Start of Given records

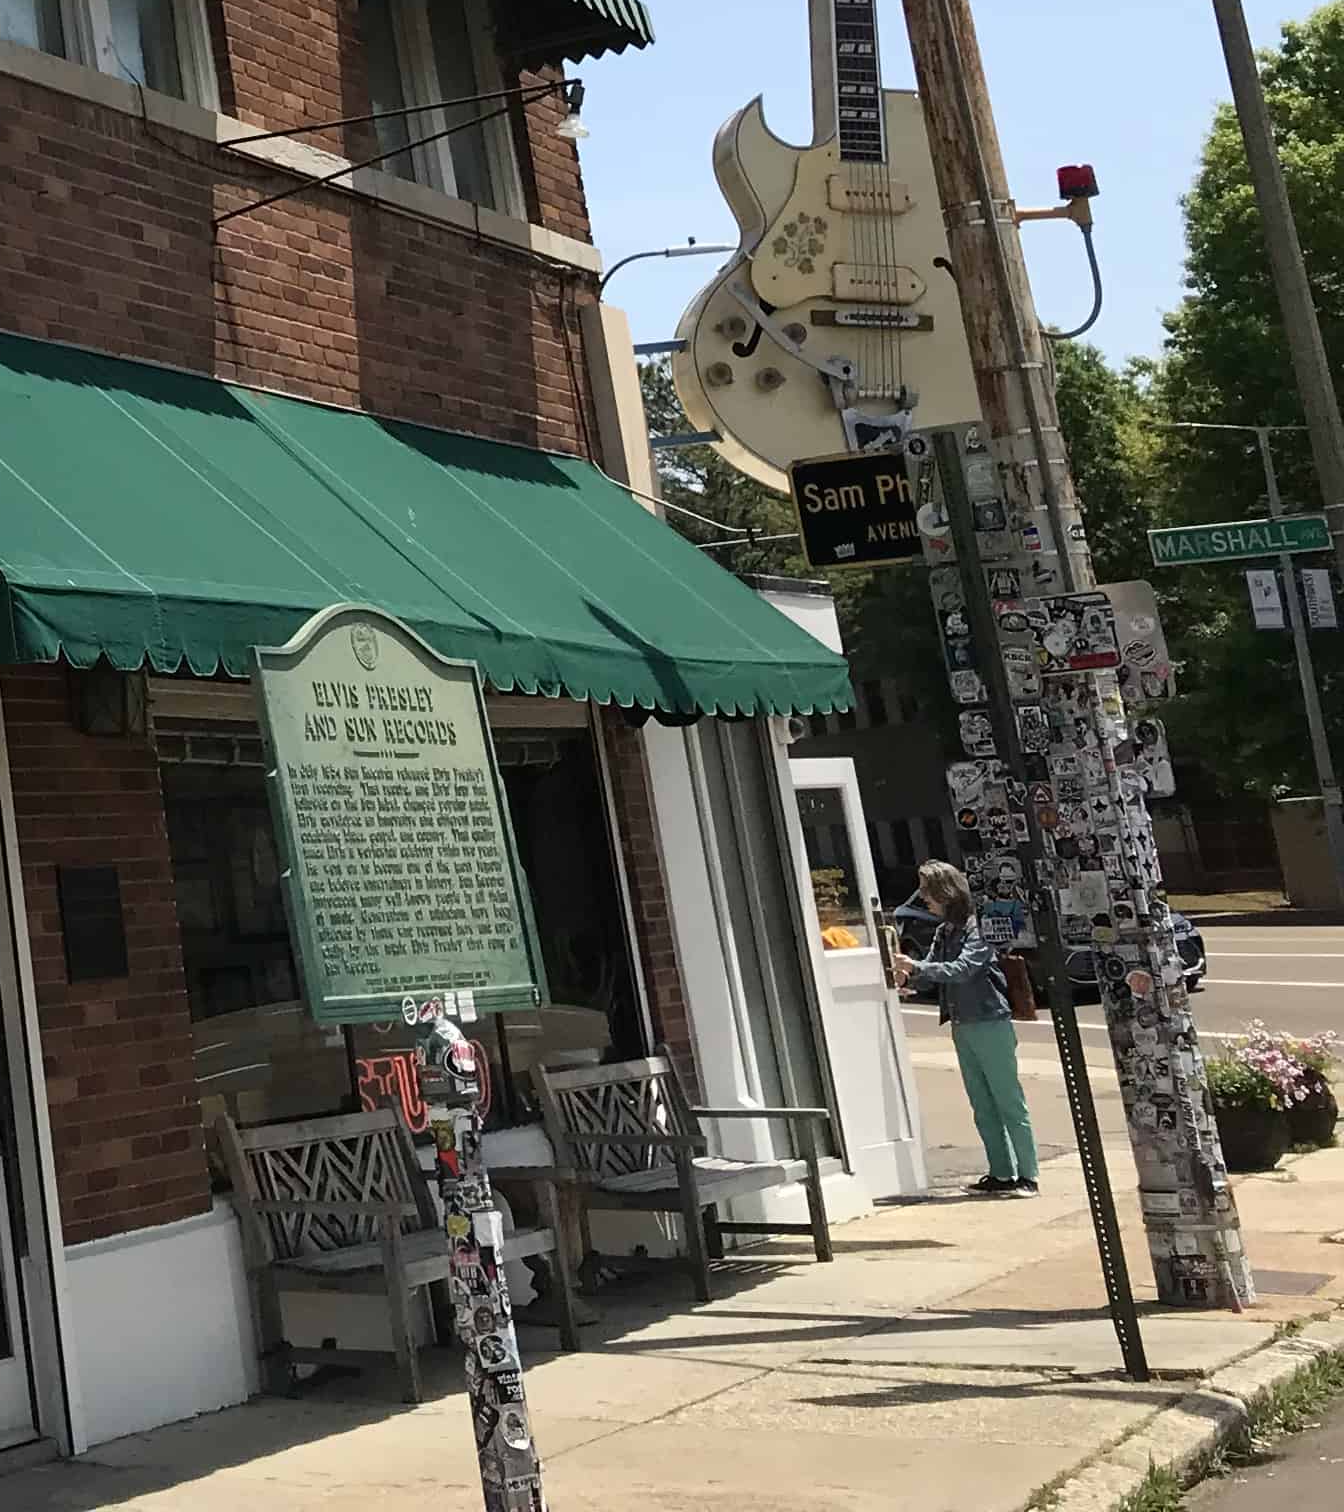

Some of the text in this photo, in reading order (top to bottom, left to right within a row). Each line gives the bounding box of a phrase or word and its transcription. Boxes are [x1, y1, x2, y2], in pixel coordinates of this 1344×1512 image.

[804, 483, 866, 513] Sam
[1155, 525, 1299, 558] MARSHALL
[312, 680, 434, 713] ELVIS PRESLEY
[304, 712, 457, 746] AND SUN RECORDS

End of Given records

Exact copies of all the entries are needed; output them without the pictures.

> _Problem solution_
Some of the text in this photo, in reading order (top to bottom, left to right within a row). Each line gives the bounding box of a phrase or word and its transcription. Boxes are [x1, y1, x2, y2], in pixel coordinates of this 1344×1512 image.

[804, 483, 866, 513] Sam
[1155, 525, 1299, 558] MARSHALL
[312, 680, 434, 713] ELVIS PRESLEY
[304, 712, 457, 746] AND SUN RECORDS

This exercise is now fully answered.